No café da manhã, ontem, com jornalistas, o presidente Jair Bolsonaro anunciou que vai demitir o presidente dos Correios, general Juarez Cunha. “Ele foi à Câmara e se comportou como sindicalista, tirando até fotos com deputados do PT e do PSol”, justificou, numa referência à visita de Cunha ao Congresso, quando fez críticas ao processo de privatização da empresa. A decisão do chefe do Planalto foi encarada por analistas como um ato meramente político, que não resolverá os problemas da empresa.
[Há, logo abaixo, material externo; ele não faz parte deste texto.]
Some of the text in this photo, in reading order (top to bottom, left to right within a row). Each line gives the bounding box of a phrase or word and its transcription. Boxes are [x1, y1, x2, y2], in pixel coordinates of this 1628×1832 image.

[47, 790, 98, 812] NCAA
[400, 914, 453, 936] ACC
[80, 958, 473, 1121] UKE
Para o economista Cesar Bergo, sócio-consultor da Corretora OpenInvest, embora a privatização seja um caminho natural para os Correios, é preciso cautela e muito estudo. “A demissão do general foi somente pelo não alinhamento à política de governo, mas a privatização tem de ser detalhadamente discutida. Os Correios chegam a áreas estratégicas, onde nenhum outro órgão do Estado está”, afirmou. Ele avaliou que a empresa precisa de gestão eficiente, para que cresça, se capitalize e enfrente a concorrência internacional, porém, diante da crise fiscal do país, não há recursos para resgatar a estatal. “O dilema pode ser solucionado se o governo estiver disposto a abrir mão do que acarreta custo e manter o que não interessa à iniciativa privada.
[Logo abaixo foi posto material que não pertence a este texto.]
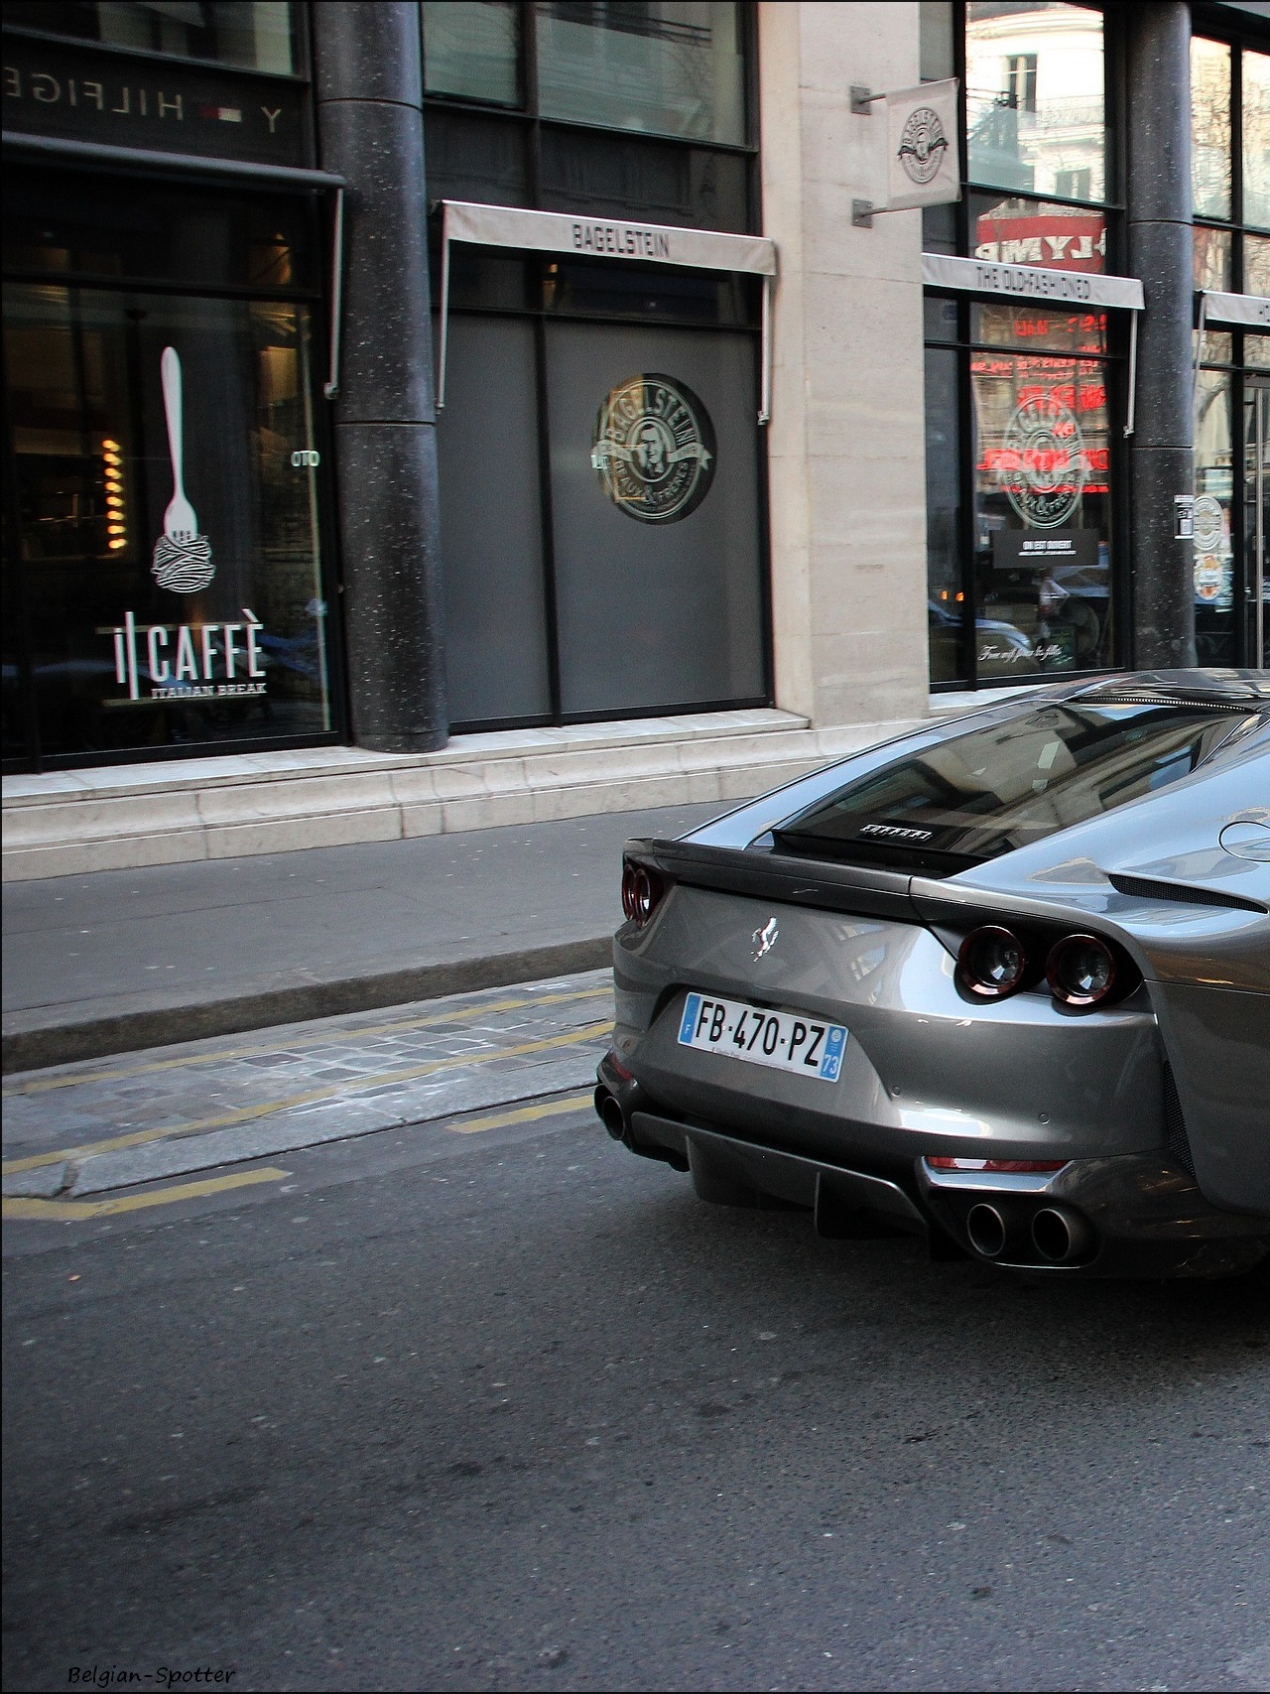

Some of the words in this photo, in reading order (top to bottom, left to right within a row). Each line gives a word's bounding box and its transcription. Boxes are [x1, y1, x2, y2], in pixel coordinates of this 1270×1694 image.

[571, 223, 670, 258] BAGELSTEIN
[604, 386, 698, 447] BAGELSTEIN
[147, 608, 267, 683] CAFFÈ
[151, 685, 214, 699] ITALIAN
[217, 682, 268, 696] BREAK
[695, 1000, 826, 1068] FB-470-PZ
[822, 1053, 840, 1076] 73
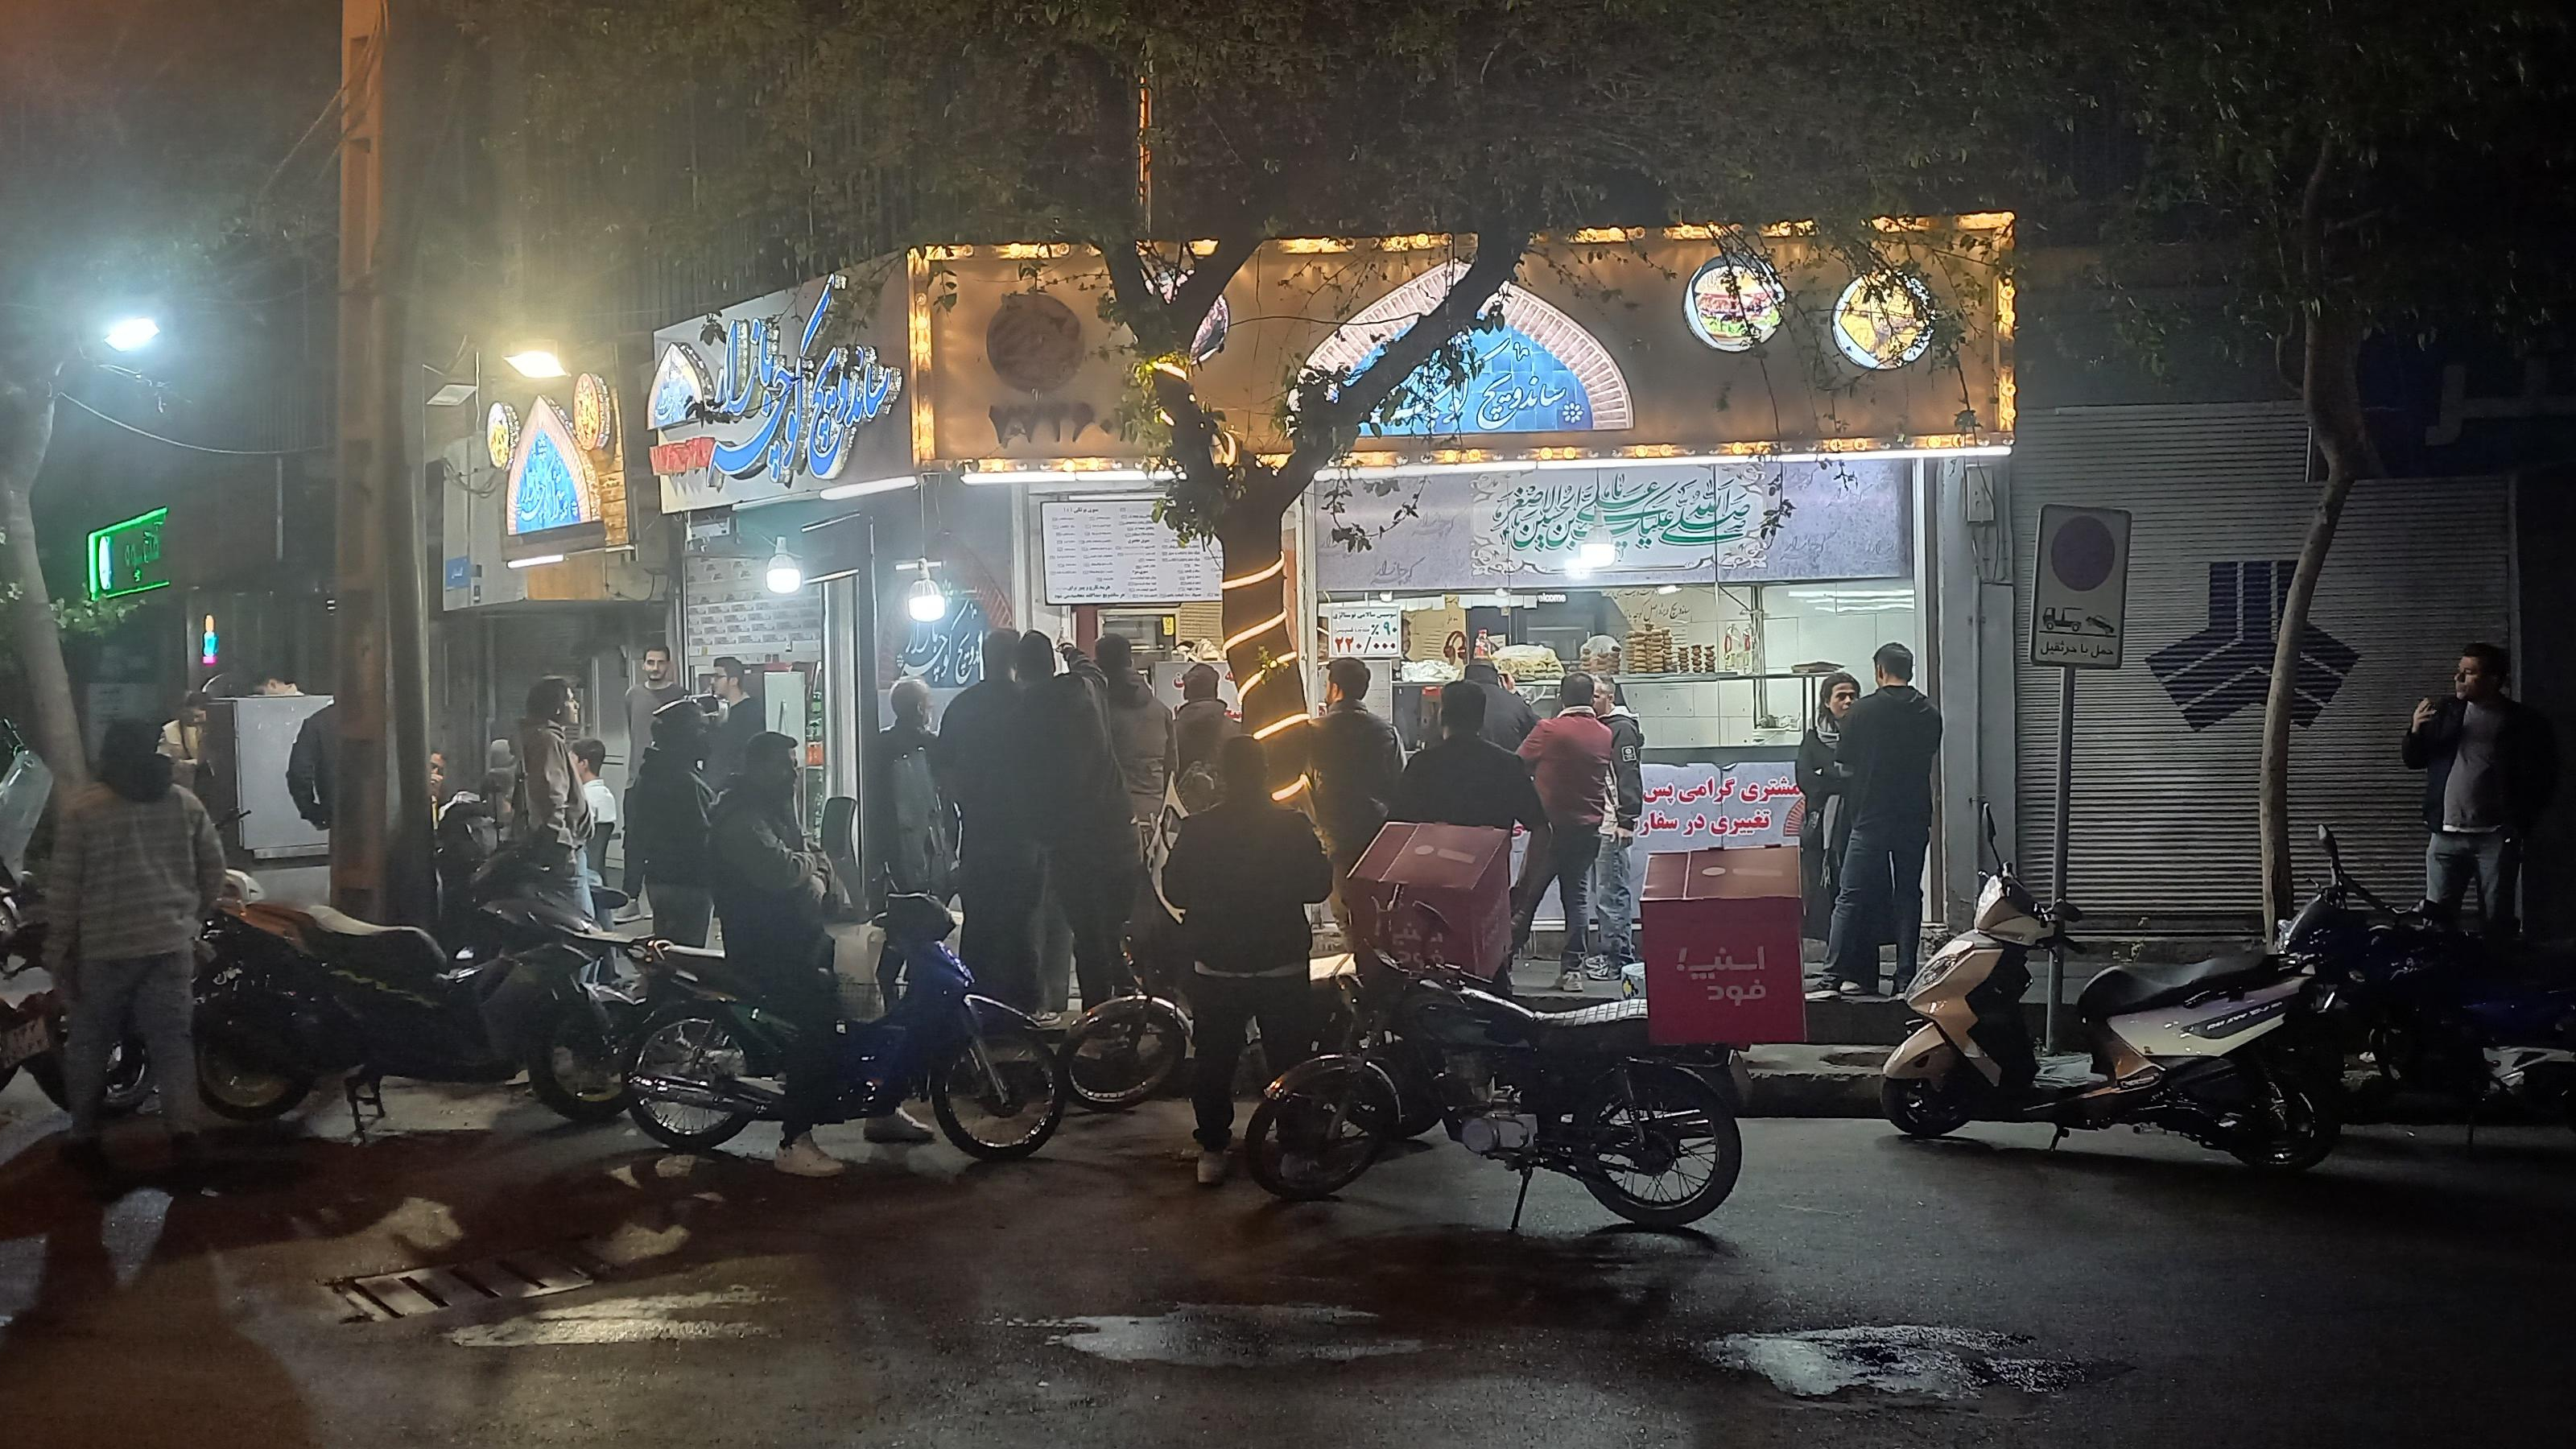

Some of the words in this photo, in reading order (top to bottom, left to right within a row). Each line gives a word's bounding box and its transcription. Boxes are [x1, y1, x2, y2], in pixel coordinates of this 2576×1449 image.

[1477, 374, 1567, 430] ساندویچ
[1537, 593, 1567, 603] elcome
[2091, 644, 2114, 659] حمل
[1643, 783, 1674, 804] پس
[1678, 778, 1736, 803] گرامی
[1682, 813, 1705, 836] در
[1711, 810, 1770, 835] تغییری
[1707, 980, 1767, 1007] فود
O especialista em finanças públicas Gil Castello Branco, secretário-geral da Associação Contas Abertas, concordou que “a solução tem que ser muito bem pensada”. Os Correios, lembrou, têm apenas 8% das agências superavitárias. Segundo ele, até 2016, a empresa deu prejuízo da ordem de R$ 2 bilhões anuais, e teve problemas com o plano de saúde dos funcionários e com o Postalis (plano de previdência da categoria), que está quebrado e com vários gestores acusados de corrupção. “Na mudança de gestão, o general e o astronauta Marcos Pontes (ministro da Ciência, Tecnologia, Inovações e Comunicações) apoiaram publicamente a ideia dos funcionários de não privatizar, mas só Juarez Cunha foi dispensado, porque o governo se ofendeu com uma foto. Isso não é bom nem para o país nem para a empresa”, disse Castello Branco.

Por meio de nota, a assessoria dos Correios informou que não vai se pronunciar sobre a demissão do presidente, “pois não foi comunicada oficialmente”. Ressaltou, ainda, que a empresa tem 105 mil funcionários e que está dando lucro. “Há dois anos, tem balanço econômico-financeiro positivo. Em 2017, o lucro foi de R$ 667 milhões, e em 2018, de R$ 161 milhões”, destacou.